On 22/03/2014 15:05, Quoth Nate:
Try using concurrency_hint = number of threads you'll create. At least with I/O Completion ports (Windows NT), only concurrency_hint threads can perform an asynchronous operation simultaneously. All other threads have to wait. The default constructor probably uses concurrency_hint = #processors but tbh I'm not sure. disclaimer: I'm also not sure if I/O Completion ports actually supports more threads than #processors. MSDN doesn't suggest that there's any limit.
It does. It's fairly common to allocate 1.5x or 2x #processors threads to the pool. What happens then is that Windows will keep up to #processors threads (or whatever other concurrency value you specify) processing from the completion port at all times -- if one of the worker threads goes to sleep on some resource other than the completion port itself (during the course of whatever processing it's doing) then it will allow one of the "extra" threads to be woken if needed.

Gavin Lambert wrote
It does. It's fairly common to allocate 1.5x or 2x #processors threads to the pool. What happens then is that Windows will keep up to #processors threads (or whatever other concurrency value you specify) processing from the completion port at all times -- if one of the worker threads goes to sleep on some resource other than the completion port itself (during the course of whatever processing it's doing) then it will allow one of the "extra" threads to be woken if needed.
Given that in the sample use case I've there are only 2 threads that are working on ioservice I think it doesn't matter what value set as concurrency_hint. Let me know if I'm missing something. -- View this message in context: http://boost.2283326.n4.nabble.com/boost-asio-synchronous-vs-asynchronous-op... Sent from the Boost - Users mailing list archive at Nabble.com.

Nathaniel J Fries wrote
Also, the main point of asynchronous I/O is that you don't need a thread-per-file/connection to achieve necessary performance. A typical asynchronous I/O server will have either 1 or #processors dedicated I/O threads and use a fixed number of worker threads for non-IO tasks, not a thread-per-connection. I would suggest that this renders your benchmark questionable even after you make my suggested change.
Yes, I don't intend to create one thread per connection in asynchronous case. Just for this sample use case I created a thread on connection request and used it to generate messages. My main concern is, if we are trying to send messages asynchronously (in non-ioservice thread) then the performance is significantly bad compare to sending the messages synchronously in the connection thread (of course if more and more number of clients get added then thread-per-connection in synchronous case won't scale well). -- View this message in context: http://boost.2283326.n4.nabble.com/boost-asio-synchronous-vs-asynchronous-op... Sent from the Boost - Users mailing list archive at Nabble.com.

On 03/24/2014 03:28 PM, Donald Alan wrote:
and used it to generate messages. My main concern is, if we are trying to send messages asynchronously (in non-ioservice thread) then the performance is significantly bad compare to sending the messages synchronously in the connection thread (of course if more and more number of clients get added
I ran your code through a profiler and it shows that the slowdown comes from boost::bind and boost::shared_ptr that are needed to setup the async operations. I also tried to change your async_server so that it does not write all buffers in a loop, but instead writes the next buffer from the handler. This yielded almost the same performance results. I also tried to omit the connection thread, so that all work is done in the io_service thread.
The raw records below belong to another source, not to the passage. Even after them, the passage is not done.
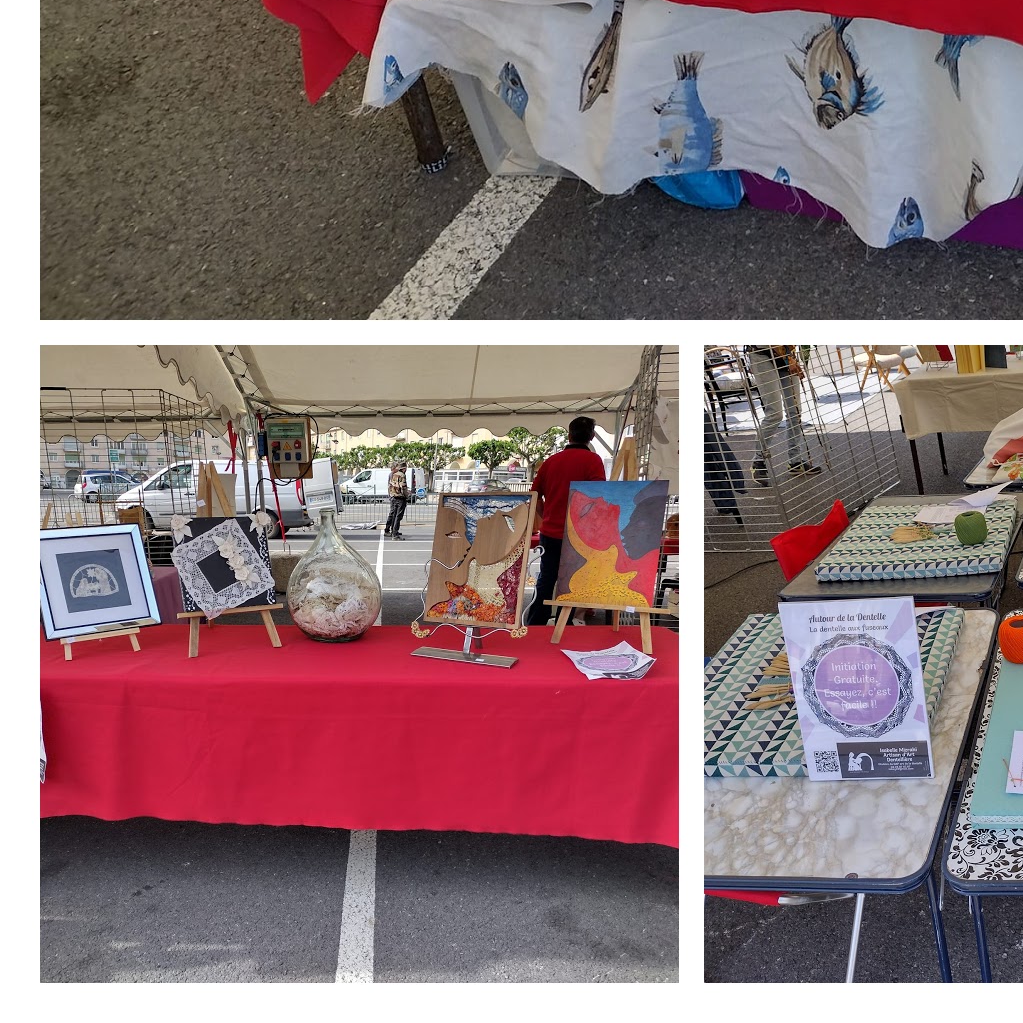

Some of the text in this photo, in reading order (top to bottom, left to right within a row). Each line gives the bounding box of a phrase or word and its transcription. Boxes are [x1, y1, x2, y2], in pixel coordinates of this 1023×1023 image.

[808, 612, 887, 624] Autour de la Dentelle
[831, 661, 877, 672] Initiation
[833, 675, 879, 684] Gratuite.
[824, 687, 892, 699] Essayez, c'est
[841, 700, 868, 711] facile
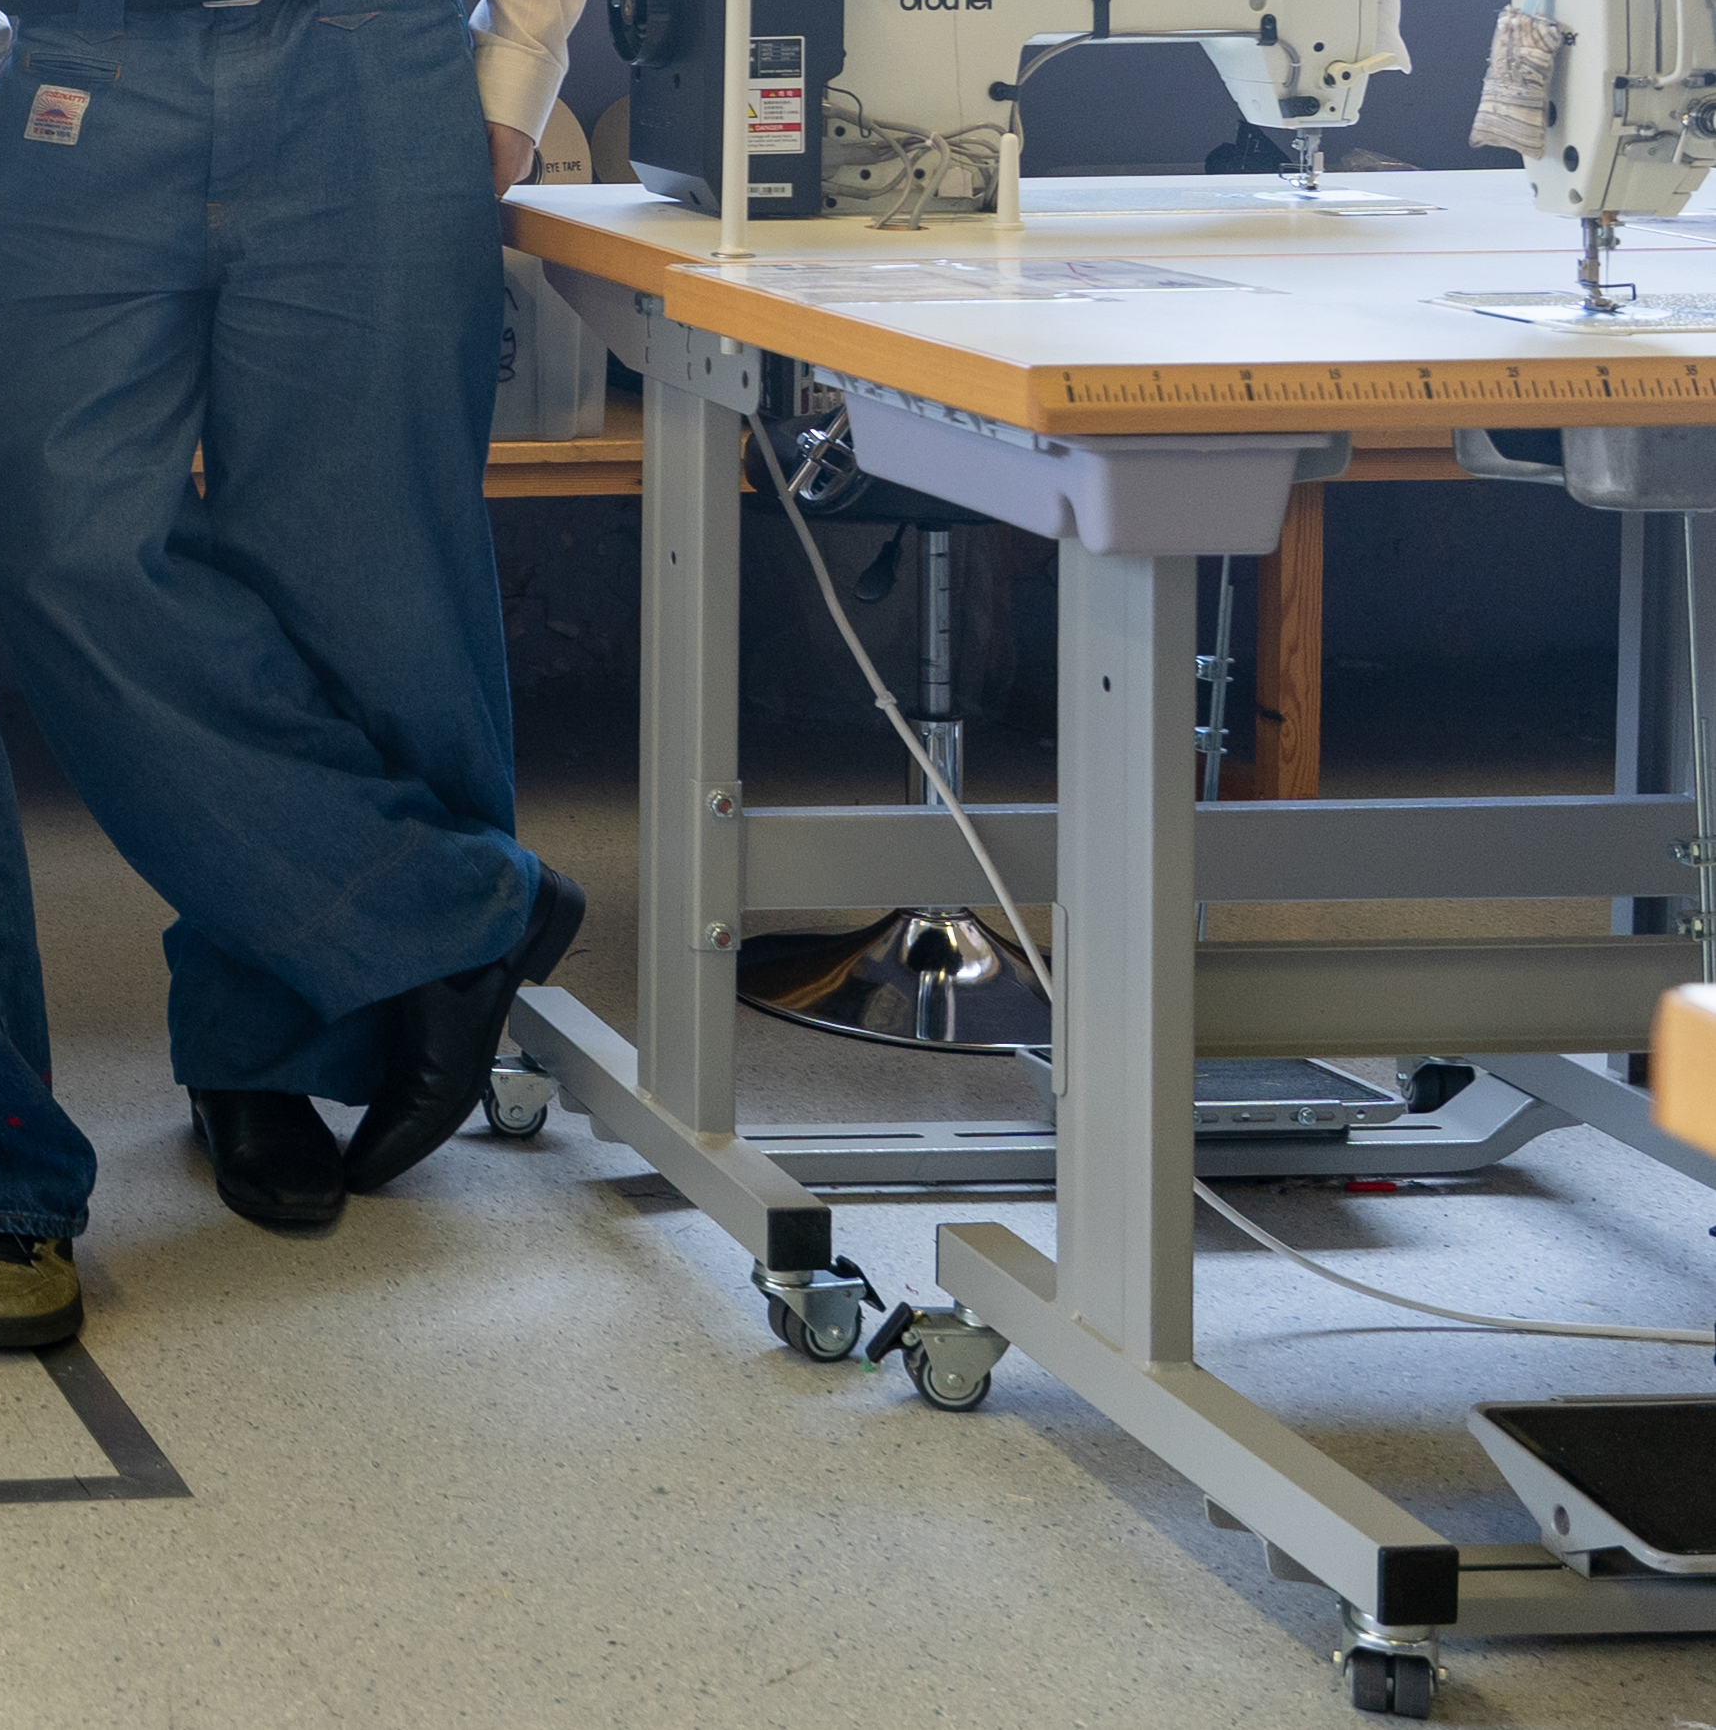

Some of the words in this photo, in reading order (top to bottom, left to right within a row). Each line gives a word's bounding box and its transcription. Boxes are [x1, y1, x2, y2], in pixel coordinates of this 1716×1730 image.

[545, 162, 560, 174] EYE
[562, 160, 582, 172] TAPE
[1152, 370, 1161, 381] 5
[1239, 370, 1252, 381] 10
[1328, 369, 1341, 380] 15
[1418, 367, 1431, 379] 20
[1506, 366, 1519, 378] 25
[1596, 366, 1610, 377] 30
[1685, 364, 1698, 376] 35
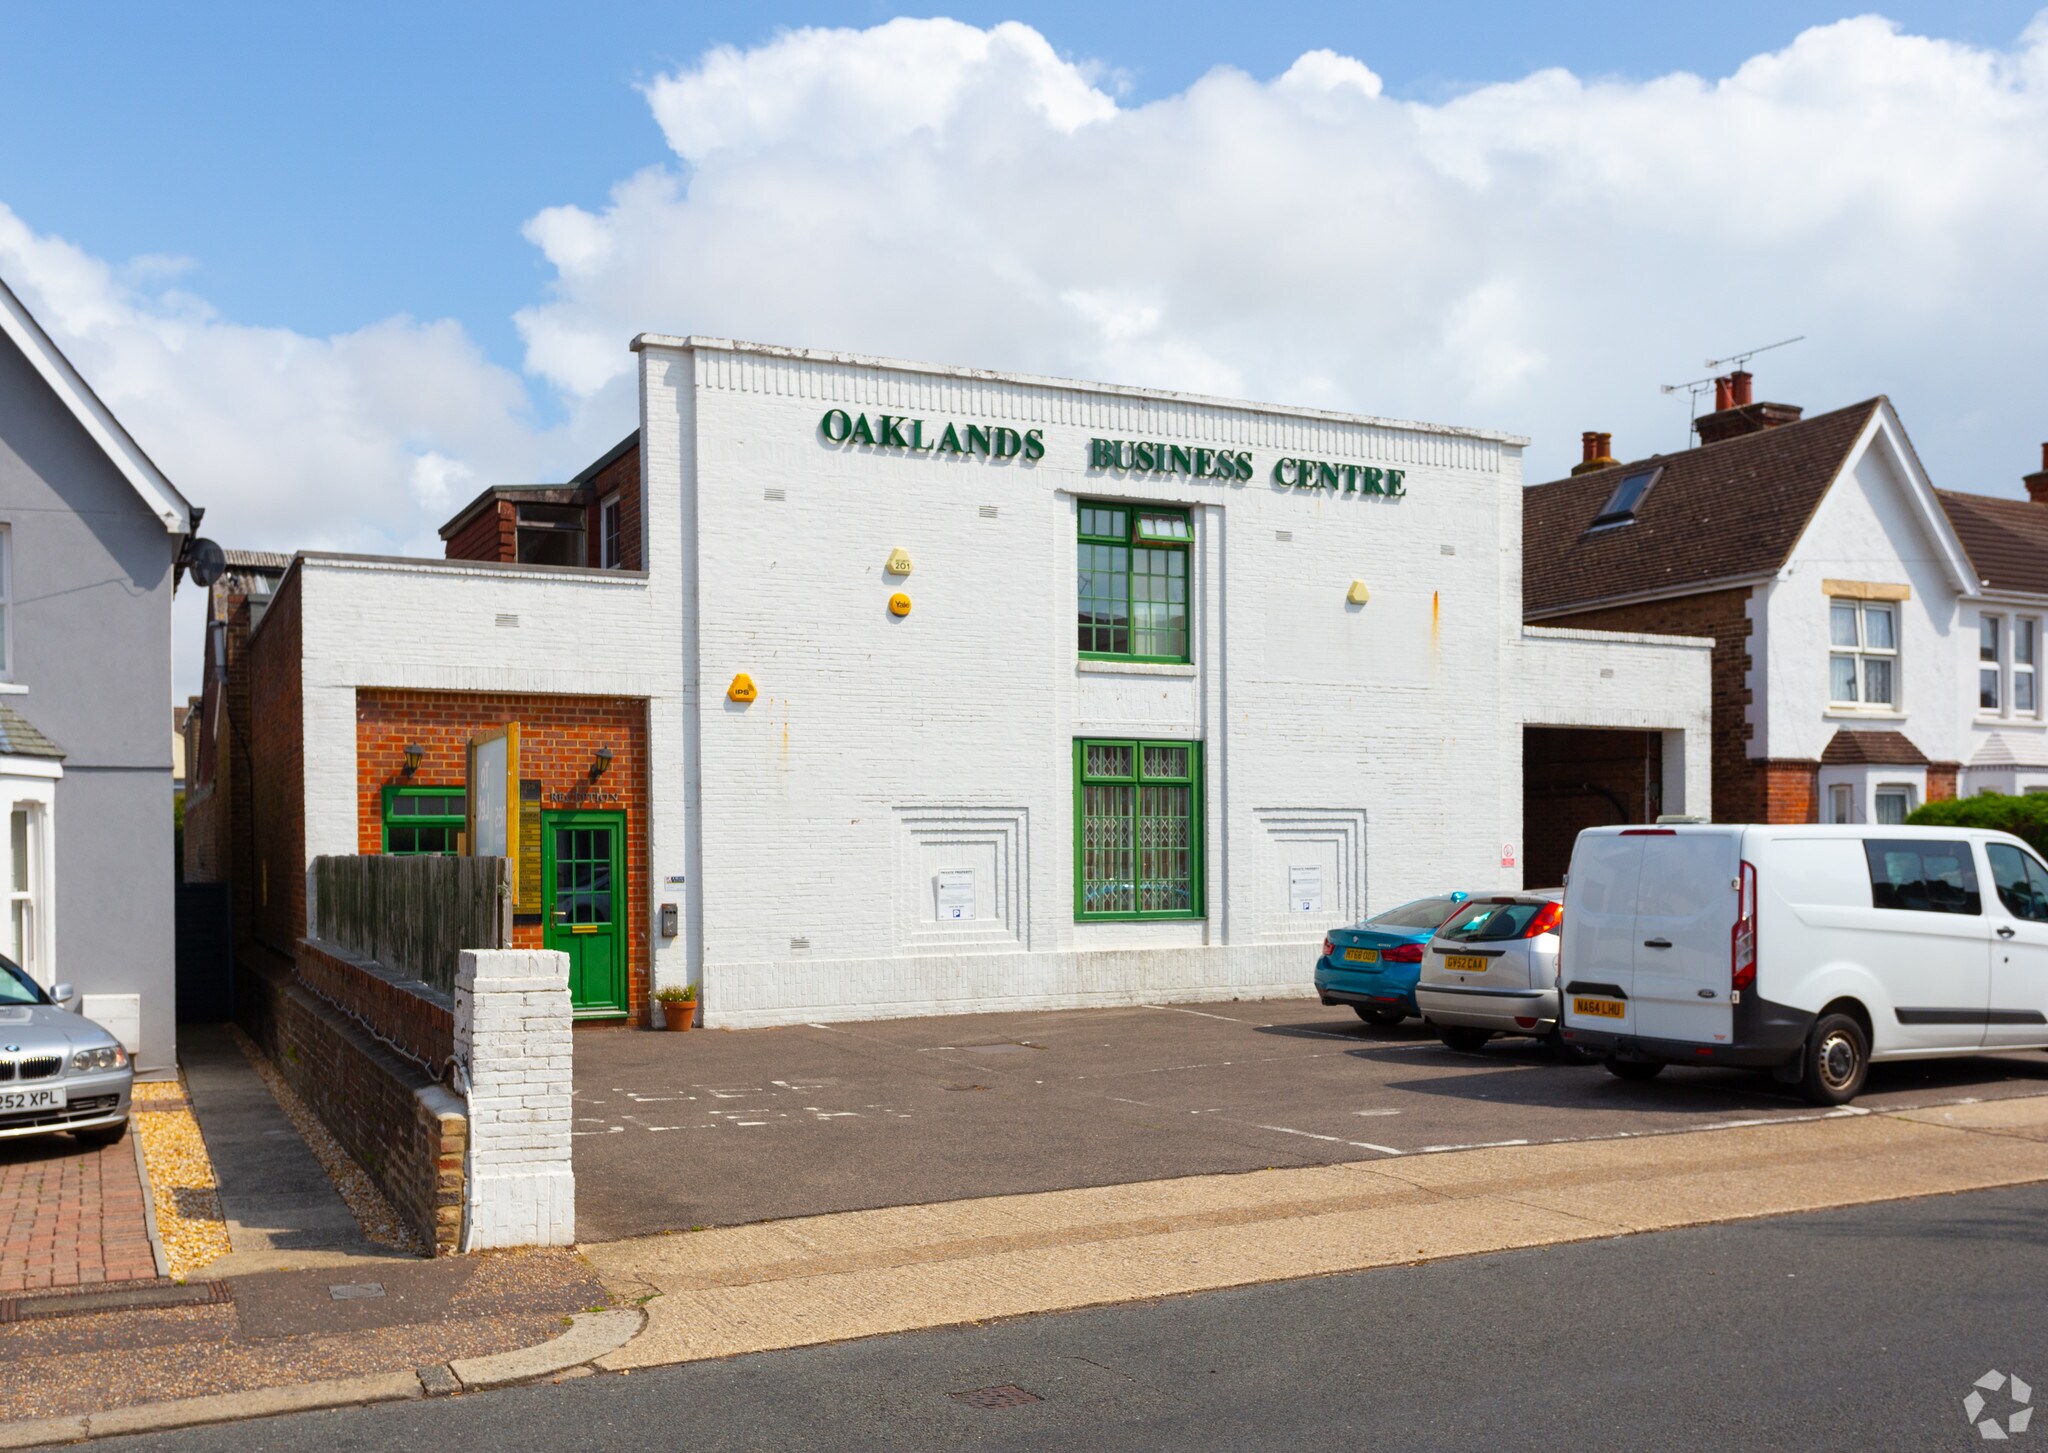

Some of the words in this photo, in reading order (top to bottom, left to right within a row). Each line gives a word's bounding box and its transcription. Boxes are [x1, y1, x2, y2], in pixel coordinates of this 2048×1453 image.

[821, 409, 1045, 460] OAKLANDS
[1091, 438, 1254, 481] BUSINESS
[1274, 457, 1407, 498] CENTRE
[895, 562, 910, 570] 201
[895, 601, 910, 609] Yale
[551, 792, 619, 803] RECEPTION
[1447, 957, 1466, 968] GV52
[1467, 958, 1482, 968] CAA
[1577, 999, 1600, 1014] NA64
[1602, 1002, 1620, 1016] LHU
[30, 1091, 59, 1107] XPL
Same performance results.

Thanks Bjorn. So, this definitely seems to suggest that boost async operations are much slower than their corresponding synchronous operations. Is there any way I can avoid creating boost::bind and boost::shared_ptr for each async operation? -- View this message in context: http://boost.2283326.n4.nabble.com/boost-asio-synchronous-vs-asynchronous-op... Sent from the Boost - Users mailing list archive at Nabble.com.

Thanks Bjorn. So, this definitely seems to suggest that boost async operations are much slower than their corresponding synchronous operations. Is there any way I can avoid creating boost::bind and boost::shared_ptr for each async operation? -- View this message in context: http://boost.2283326.n4.nabble.com/boost-asio-synchronous-vs-asynchronous-op... Sent from the Boost - Users mailing list archive at Nabble.com.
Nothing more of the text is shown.